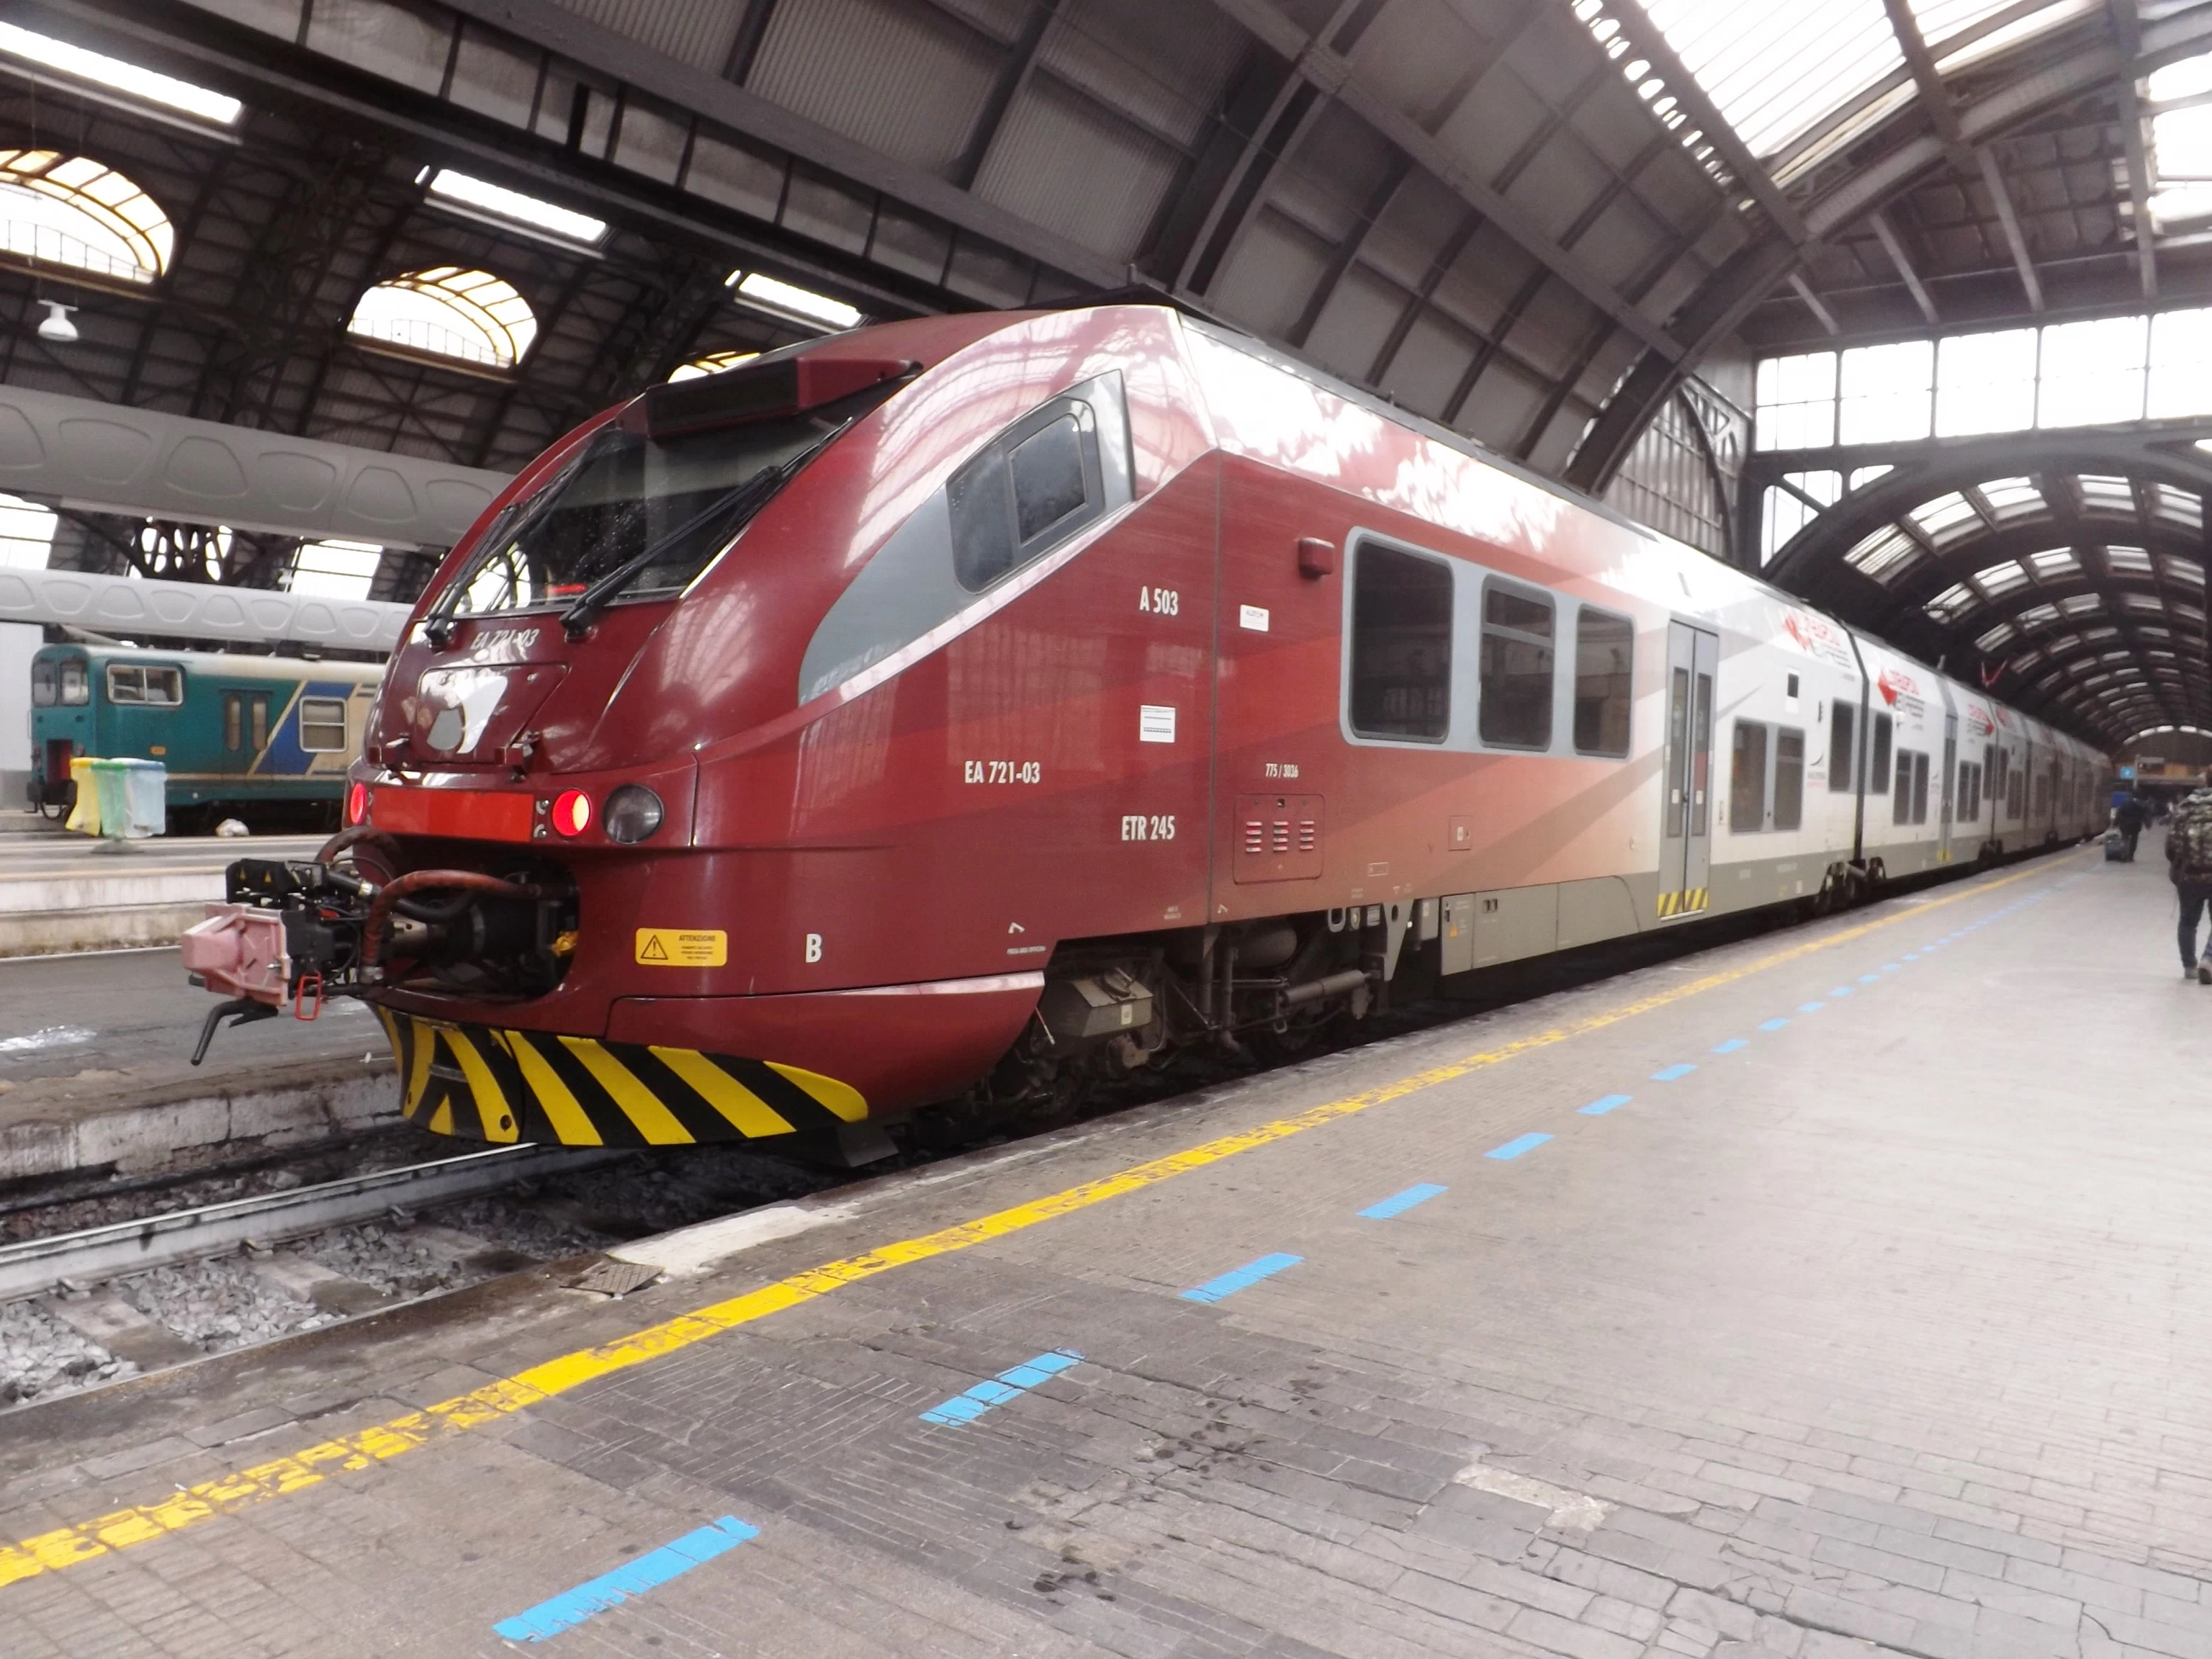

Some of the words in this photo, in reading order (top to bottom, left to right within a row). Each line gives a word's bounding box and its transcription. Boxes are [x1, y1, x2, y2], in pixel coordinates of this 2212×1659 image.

[1139, 585, 1150, 611] A
[1153, 588, 1178, 616] 503
[470, 631, 490, 649] EA
[487, 629, 540, 649] 721-03
[965, 760, 984, 783] EA
[988, 761, 1040, 783] 721-03
[1122, 815, 1146, 840] ETR
[1150, 815, 1175, 840] 245
[805, 933, 822, 963] B
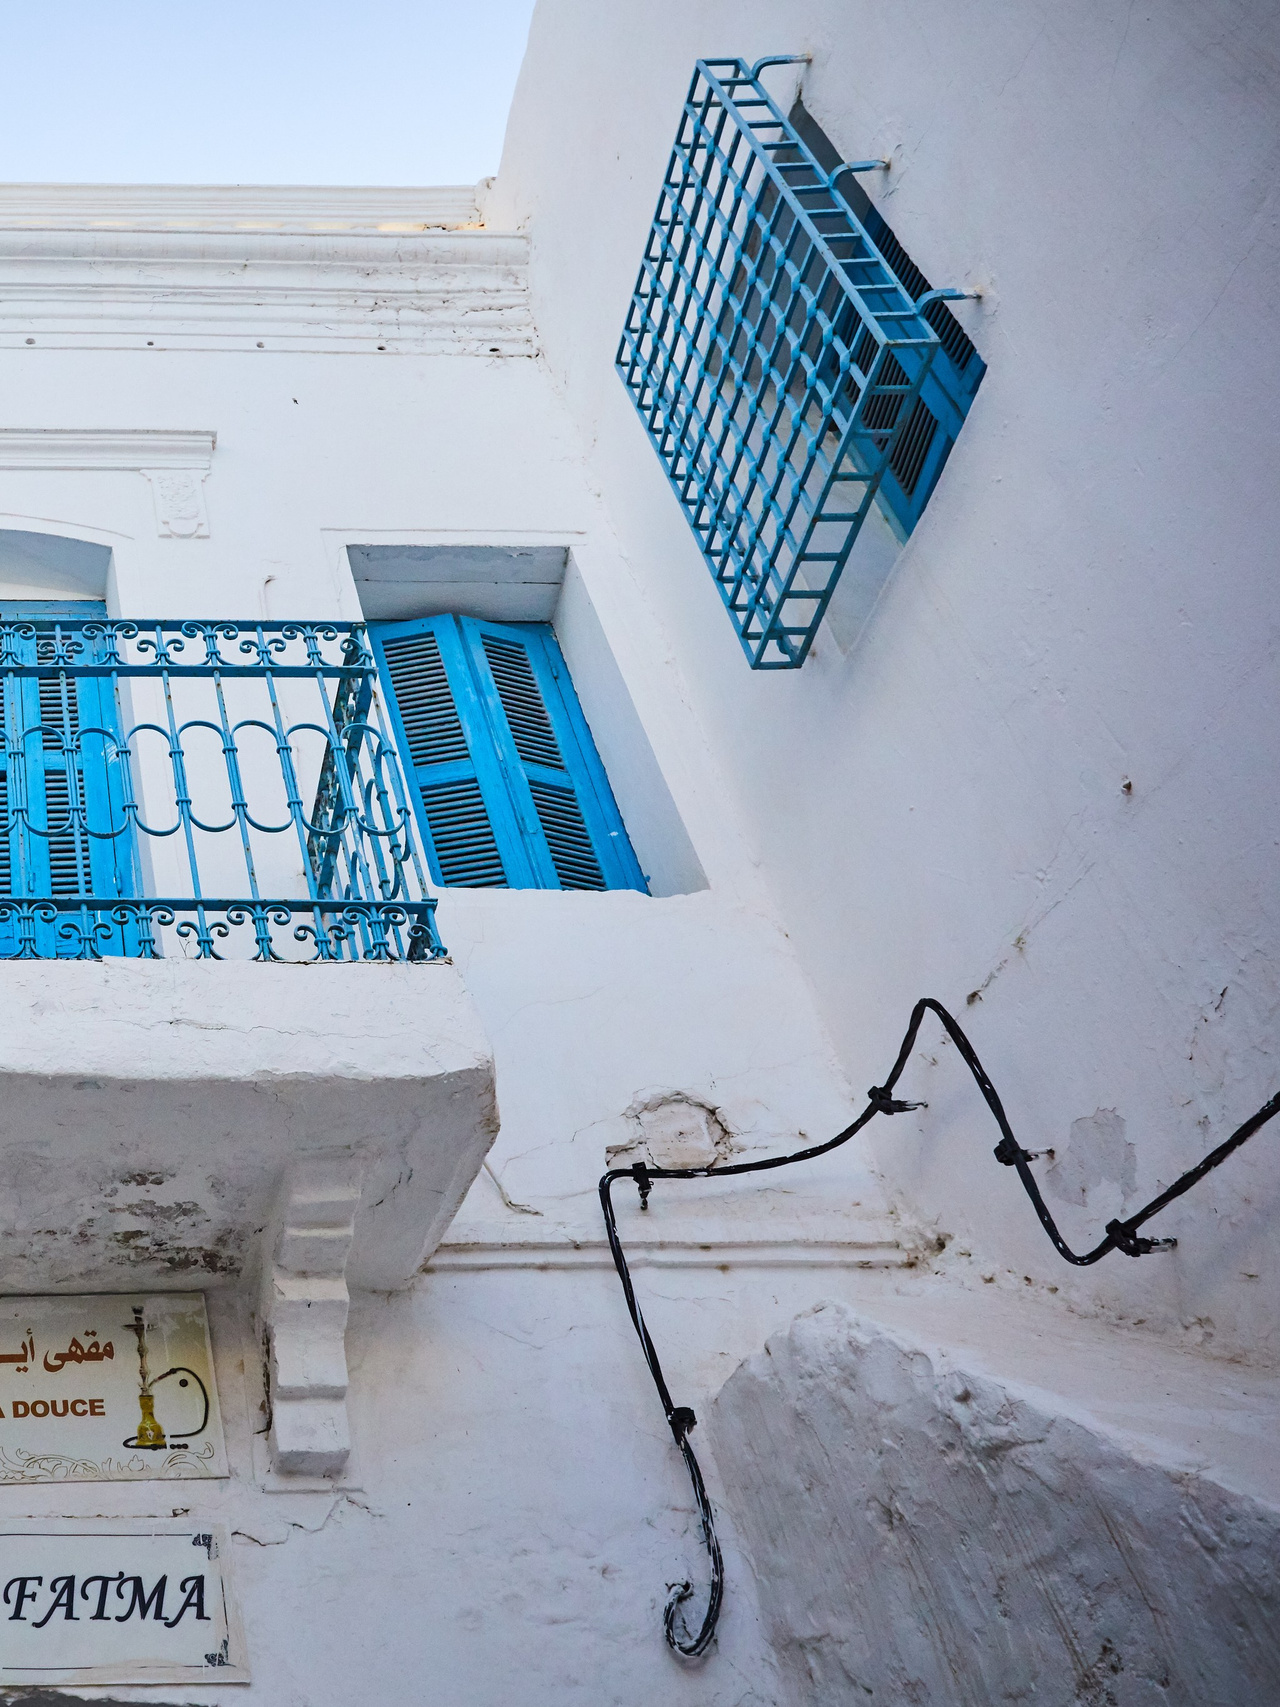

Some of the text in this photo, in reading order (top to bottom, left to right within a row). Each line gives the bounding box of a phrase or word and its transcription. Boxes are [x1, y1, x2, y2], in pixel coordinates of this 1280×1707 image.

■ ■ ■ ■

### What you are asked to do
Since the pictures are not wanted, copy only the text of the records above, exactly.

### Exercise answer
Some of the words in this photo, in reading order (top to bottom, left to right within a row). Each line gives a word's bounding box and its transcription. Boxes are [x1, y1, x2, y2], in pixel coordinates of this 2212×1659 image.

[1139, 585, 1150, 611] A
[1153, 588, 1178, 616] 503
[470, 631, 490, 649] EA
[487, 629, 540, 649] 721-03
[965, 760, 984, 783] EA
[988, 761, 1040, 783] 721-03
[1122, 815, 1146, 840] ETR
[1150, 815, 1175, 840] 245
[805, 933, 822, 963] B

Some of the text in this photo, in reading order (top to bottom, left to right within a row). Each line gives the bounding box of a phrase or word and its transcription. Boxes are [x1, y1, x2, y2], in pixel coordinates of this 1280×1707 image.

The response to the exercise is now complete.